_Task:_ Only the lines from the one containing "this 1440×1917 image." to the end of the entries should be written out, each exactly as it stands, both ends included.
BEGIN Listed entries
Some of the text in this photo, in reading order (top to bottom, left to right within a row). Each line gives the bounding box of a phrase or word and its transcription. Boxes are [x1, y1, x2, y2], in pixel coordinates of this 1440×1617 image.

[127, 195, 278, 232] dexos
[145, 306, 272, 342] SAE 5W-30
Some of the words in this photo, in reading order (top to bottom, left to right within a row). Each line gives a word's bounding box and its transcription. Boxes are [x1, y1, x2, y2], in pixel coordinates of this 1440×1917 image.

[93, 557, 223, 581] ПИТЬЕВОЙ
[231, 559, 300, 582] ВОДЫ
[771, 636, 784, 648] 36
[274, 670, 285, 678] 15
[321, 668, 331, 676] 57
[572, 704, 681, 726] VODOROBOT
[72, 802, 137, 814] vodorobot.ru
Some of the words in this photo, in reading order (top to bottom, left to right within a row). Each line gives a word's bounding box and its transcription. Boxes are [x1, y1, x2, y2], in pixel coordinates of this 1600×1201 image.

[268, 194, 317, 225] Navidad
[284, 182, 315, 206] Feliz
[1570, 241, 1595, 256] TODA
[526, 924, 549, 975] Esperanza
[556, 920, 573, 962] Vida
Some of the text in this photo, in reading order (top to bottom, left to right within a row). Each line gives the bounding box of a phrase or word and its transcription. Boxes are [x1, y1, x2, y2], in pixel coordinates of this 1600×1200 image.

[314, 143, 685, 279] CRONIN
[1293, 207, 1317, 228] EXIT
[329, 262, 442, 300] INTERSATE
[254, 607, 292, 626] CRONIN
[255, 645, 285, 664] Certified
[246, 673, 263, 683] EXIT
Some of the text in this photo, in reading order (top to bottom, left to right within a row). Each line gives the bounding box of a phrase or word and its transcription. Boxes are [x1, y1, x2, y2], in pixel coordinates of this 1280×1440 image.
END Listed entries
_Answer to the problem:_
Some of the words in this photo, in reading order (top to bottom, left to right within a row). Each line gives a word's bounding box and its transcription. Boxes are [x1, y1, x2, y2], in pixel coordinates of this 1440×1917 image.

[93, 557, 223, 581] ПИТЬЕВОЙ
[231, 559, 300, 582] ВОДЫ
[771, 636, 784, 648] 36
[274, 670, 285, 678] 15
[321, 668, 331, 676] 57
[572, 704, 681, 726] VODOROBOT
[72, 802, 137, 814] vodorobot.ru
Some of the words in this photo, in reading order (top to bottom, left to right within a row). Each line gives a word's bounding box and its transcription. Boxes are [x1, y1, x2, y2], in pixel coordinates of this 1600×1201 image.

[268, 194, 317, 225] Navidad
[284, 182, 315, 206] Feliz
[1570, 241, 1595, 256] TODA
[526, 924, 549, 975] Esperanza
[556, 920, 573, 962] Vida
Some of the text in this photo, in reading order (top to bottom, left to right within a row). Each line gives the bounding box of a phrase or word and its transcription. Boxes are [x1, y1, x2, y2], in pixel coordinates of this 1600×1200 image.

[314, 143, 685, 279] CRONIN
[1293, 207, 1317, 228] EXIT
[329, 262, 442, 300] INTERSATE
[254, 607, 292, 626] CRONIN
[255, 645, 285, 664] Certified
[246, 673, 263, 683] EXIT
Some of the text in this photo, in reading order (top to bottom, left to right within a row). Each line gives the bounding box of a phrase or word and its transcription. Boxes are [x1, y1, x2, y2], in pixel coordinates of this 1280×1440 image.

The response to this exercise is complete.